O juiz federal Luiz Carlos Canalli concedeu sexta-feira liminar a uma medida cautelar dos pescadores de Guaíra que obriga o Instituto Brasileiro do Meio Ambiente e Recursos Naturais Renováveis (Ibama) a monitorar o rebaixamento do nível do lago. O Ibama terá de montar uma equipe multidisciplinar para realizar perícias enquanto o nível do lago estiver baixo.
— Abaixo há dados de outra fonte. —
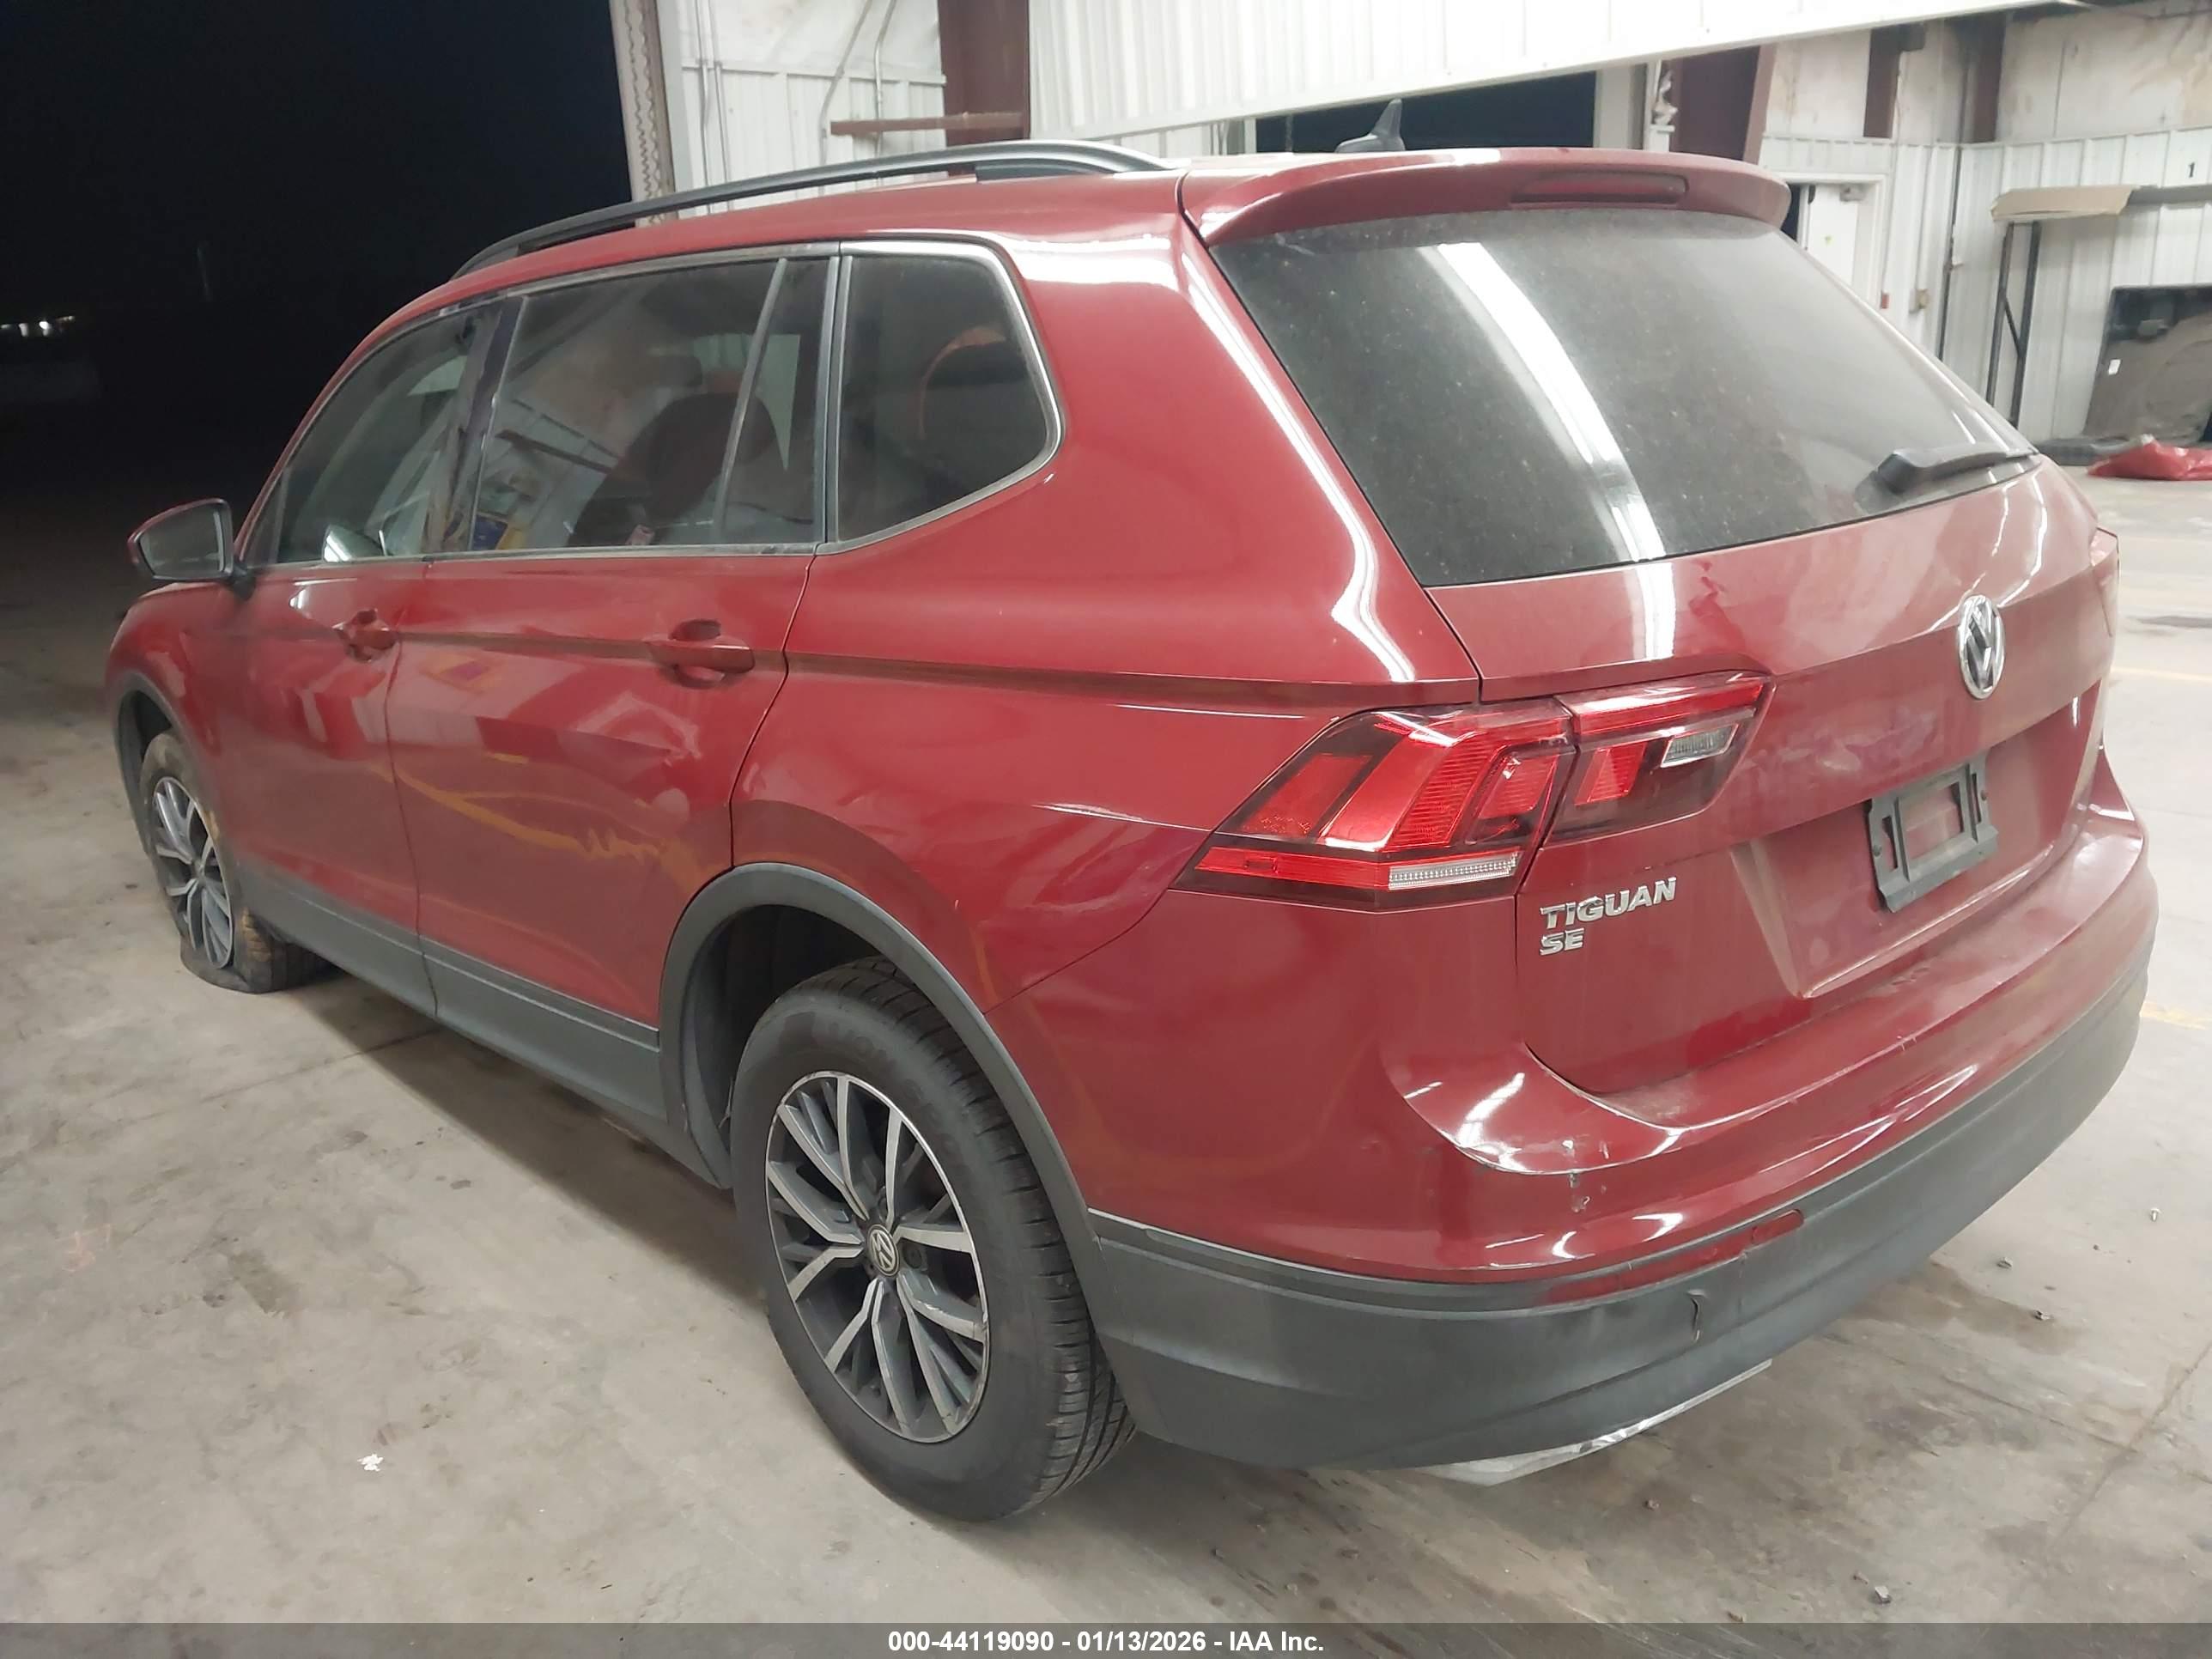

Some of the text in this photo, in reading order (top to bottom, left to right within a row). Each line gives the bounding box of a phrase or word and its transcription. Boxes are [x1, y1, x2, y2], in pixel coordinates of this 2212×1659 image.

Os pescadores afirmam que o esvaziamento do lago vai reduzir ainda mais o estoque pesqueiro do Paranazão e pretendem ingressar com uma ação de indenização contra a Itaipu.
Segundo o advogado da Colônia Z 13, Aparecido Martins, todas as ações movidas até agora pelos pescadores contra a usina alegando prejuízos à pesca esbarram na falta de provas. ''A Itaipu sempre nega os danos e os pescadores não têm condições de pagar estudos para levantar provas periciais''. Segundo o advogado, no ano passado milhares de peixes morreram encalhados em margens e lagoas secas.
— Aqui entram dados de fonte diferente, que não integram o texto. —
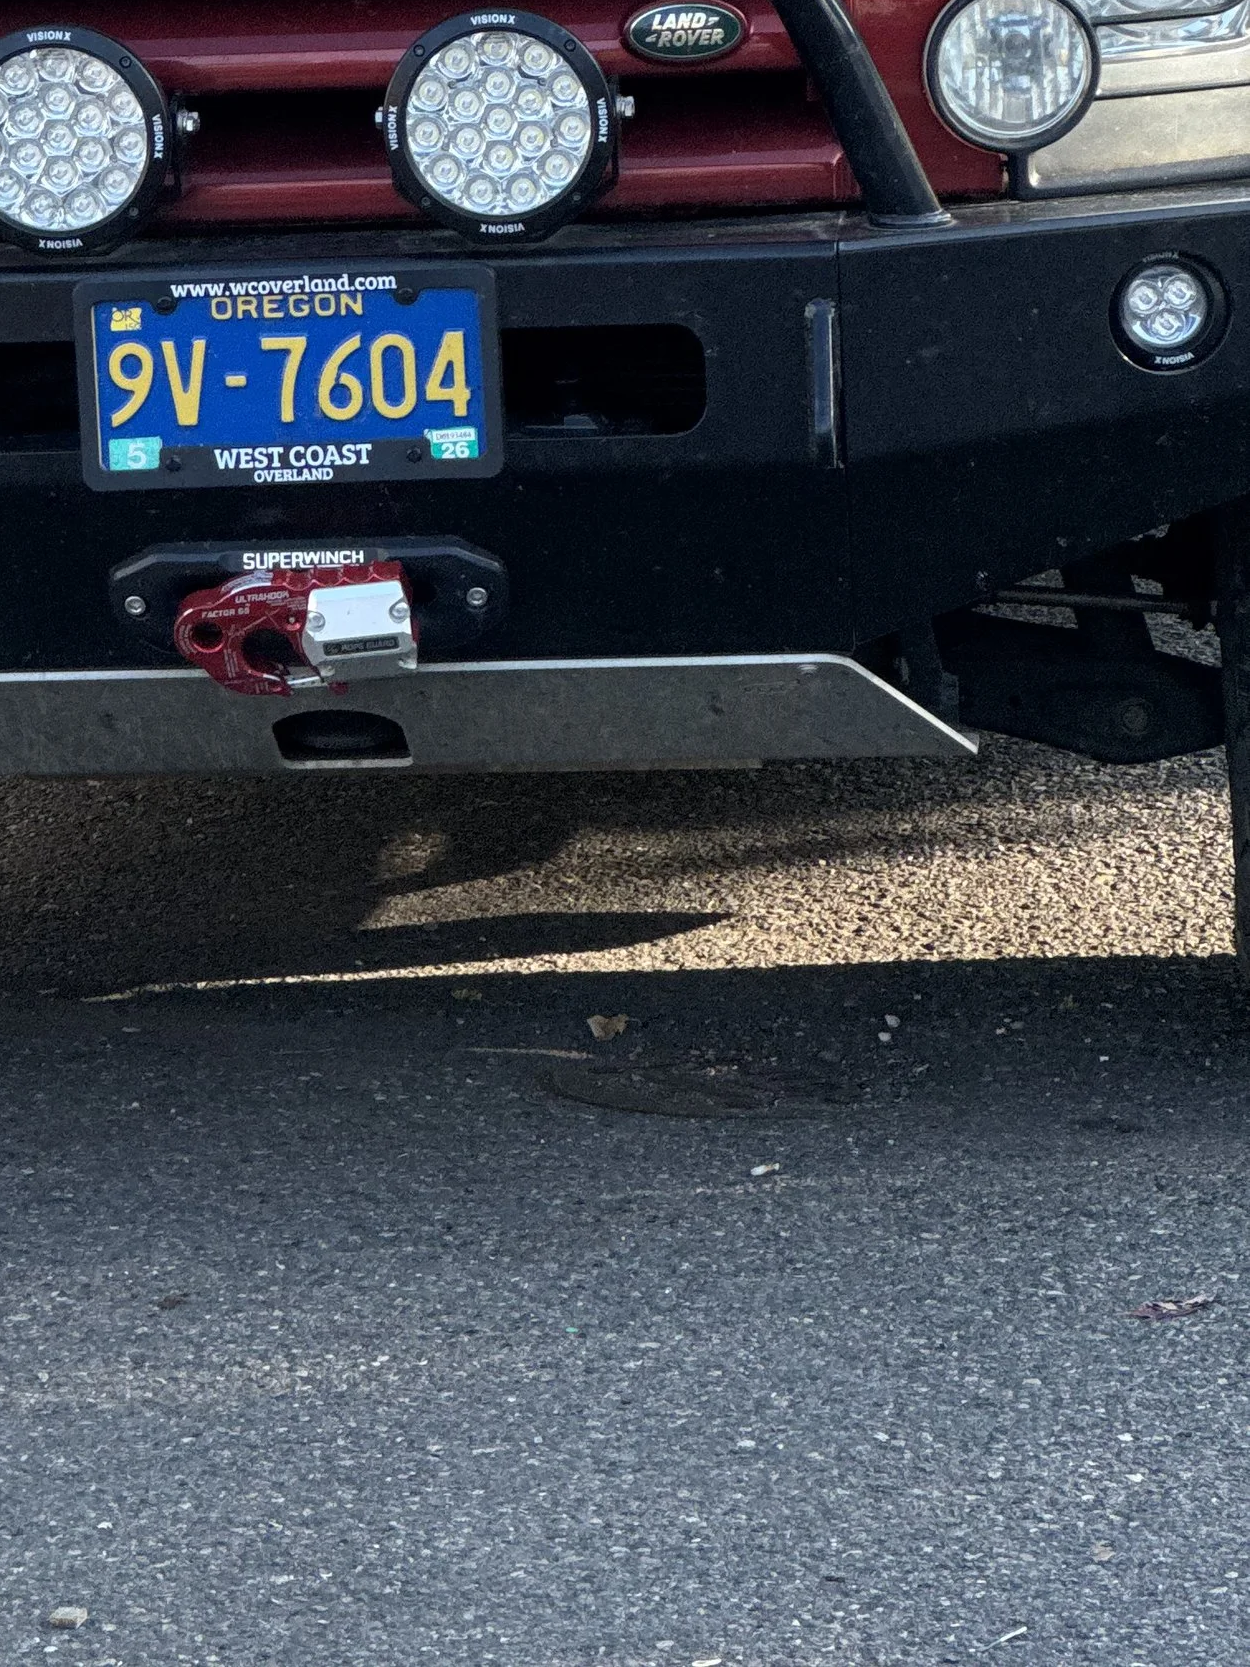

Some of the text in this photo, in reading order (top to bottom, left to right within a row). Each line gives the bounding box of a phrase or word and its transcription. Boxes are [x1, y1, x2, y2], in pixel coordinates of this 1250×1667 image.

[651, 12, 707, 31] LAND
[657, 28, 725, 48] ROVER
[170, 274, 397, 298] www.wcoverland.com
[211, 293, 364, 321] OREGON
[108, 329, 472, 428] 9V-7604
[127, 442, 147, 469] 5
[214, 443, 372, 470] WEST COAST
[441, 441, 470, 459] 26
[254, 467, 334, 483] OVERLAND
[243, 550, 364, 570] SUPERWINCH
O rebaixamento também reduz o estoque de alimentos e compromete a piracema porque os peixes não conseguem chegar às lagoas e várzeas, onde procriam. ''Desta vez, entramos com a cautelar para garantir as perícias que poderão comprovar os danos e embasar uma ação de indenização'', disse Martins.
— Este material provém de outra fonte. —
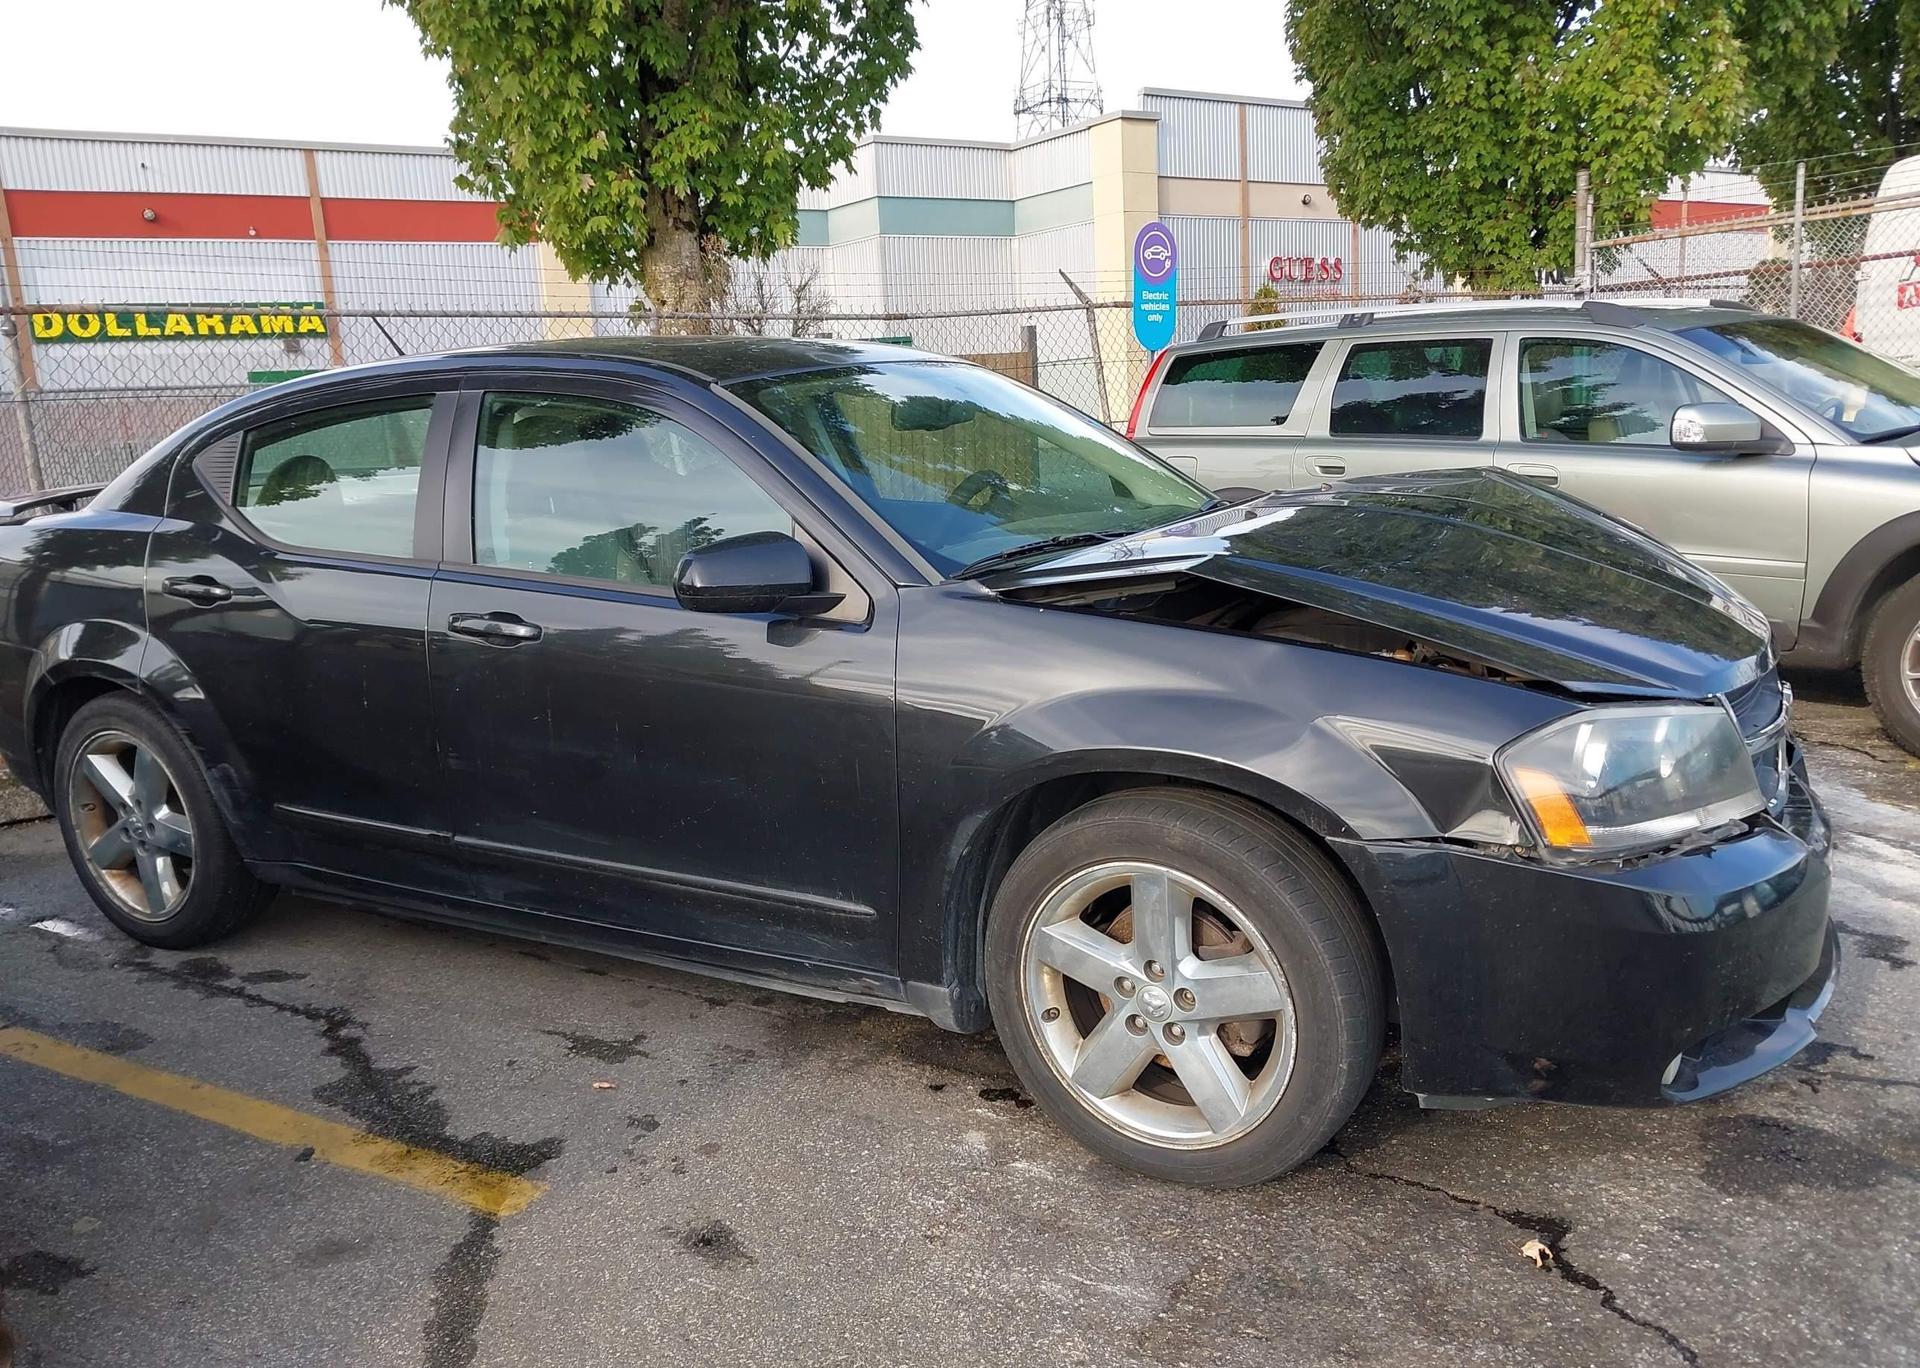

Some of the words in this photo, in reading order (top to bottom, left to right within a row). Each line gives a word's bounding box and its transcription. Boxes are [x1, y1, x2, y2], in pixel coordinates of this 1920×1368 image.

[1268, 256, 1343, 281] GUESS
[1142, 290, 1169, 300] Electric
[1140, 302, 1170, 311] vehicles
[32, 306, 327, 339] DOLLARAMA
[1147, 313, 1164, 323] only
Na liminar, o juiz dá prazo de cinco dias para o Ibama constituir uma equipe de estudos e determina que os técnicos avaliem possíveis danos ambientais durante o período de rebaixamento do nível do lago. Determina ainda que seja analisado se a baixa do nível das águas é consequência da abertura das comportas da Hidrelétrica de Itaipu. Os pescadores e a Itaipu também poderão nomear peritos para acompanhar os trabalhos. Segundo Martins, a cautelar beneficia todas as colônias de pesca na região do lago. O Ibama ainda não foi intimado da decisão. (V.M.)